FEBRUARY: Flying across a pandemic

Date published

11 Dec 2020

The RFDS became the first aeromedical organisation to manage a positive COVID-19 case on Australian soil in February, as it helped airlift infected patients from the Diamond Princess cruise ship docked in Darwin to cities across the nation.

As commercial flights around the country were grounded by the COVID-19 pandemic, the RFDS stepped in to also transport vital pathology tests for SA and NT health departments, along with flying important medical specialists to patients throughout the country.

“Most people were working out how to run away from the pandemic, but we had to work out how to run toward it safely,” Chief Executive of RFDS Central Operations Tony Vaughan ASM said.

The Service pulled together a national RFDS COVID-19 Taskforce when the first whispers of a global pandemic emerged in February and Mr Vaughan was asked to lead the response.

From where Doctor Jessica Martyn was based, finishing her training as a specialist GP with the Australian Defence Force, she could see the Flying Doctor stepping up as the impacts of the pandemic spread.

“There was important forward planning for all scenarios of how COVID-19 could impact rural and remote patients from cattle stations to Indigenous communities,” Dr Martyn said.

It was this coordinated frontline response that motivated Dr Martyn to join the Flying Doctor team at RFDS Port Augusta Base and ensure she was on the frontline dealing with the virus.

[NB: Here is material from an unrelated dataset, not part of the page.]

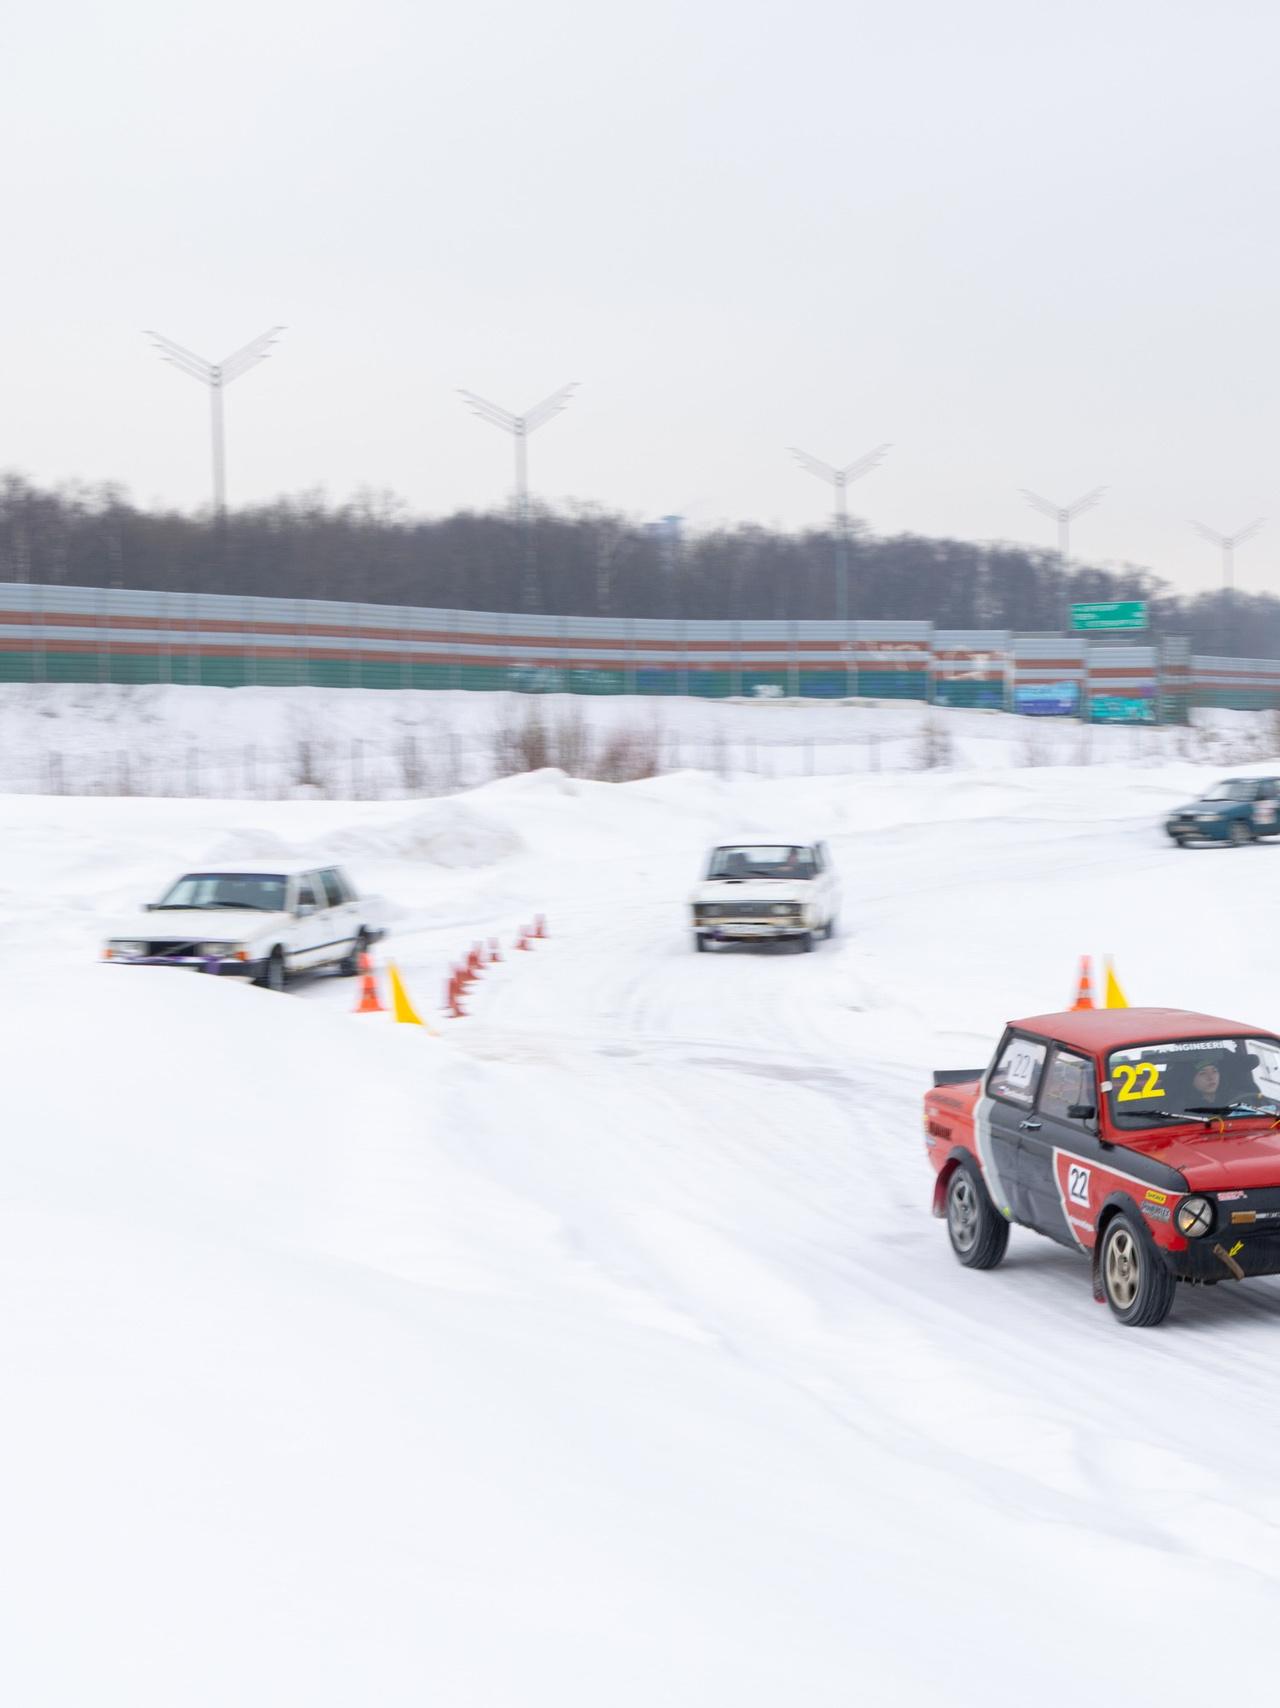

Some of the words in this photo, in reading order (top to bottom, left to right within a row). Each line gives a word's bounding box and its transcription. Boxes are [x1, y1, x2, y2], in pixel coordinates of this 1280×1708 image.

[1013, 1053, 1032, 1079] 22
[1112, 1062, 1166, 1102] 22
[1070, 1167, 1089, 1201] 22

She was among two new doctors, two nurses and four pilots employed with Commonwealth Government COVID-19 Response funding as cases spread across Australia.

First steps for the new national response involved an immediate centralised purchasing of vital PPE so hundreds of thousands of essential protective masks and gowns could be stockpiled to ensure RFDS staff could continue providing essential health care to the country’s furthest corners.

A standby aircraft charter service was rapidly established for oil and gas and mining companies to swiftly assist with moving suspected COVID-19 employees from remote locations.

Mr Vaughan said a new specialist cleaning team was employed to free up clinical staff from comprehensive aircraft cleaning in retrieval turn arounds.

And a $2 million donation by Mrs Gina Rinehart and the Rinehart Foundation helped with the immediate purchase of extra vital medical equipment including heart monitors, defibrillators, ventilators and IV infusion pumps across all SA/NT aeromedical bases and remote clinics.

In the space of five months RFDS crews airlifted 69 confirmed or suspected COVID-19 patients in SA and NT, but also continued to deliver vital emergency and primary health care to remote and rural communities.

“The efforts of Steve Cameron in leading the Incident Management Team (IMT) and Dr Mardi Steere in leading the Medical Retrieval Service during this pandemic has been exemplary,” Mr Vaughan said.

“The Flying Doctor maintained its mantle of care despite numerous challenges in crossing borders, visiting remote communities and being hyper aware of the impacts of social contact,” Mr Vaughan said.


Dr Jessica Martyn (centre) at an Anangu Pitjantjatjara Yankunytjatjara (APY) Lands flu vaccination clinic.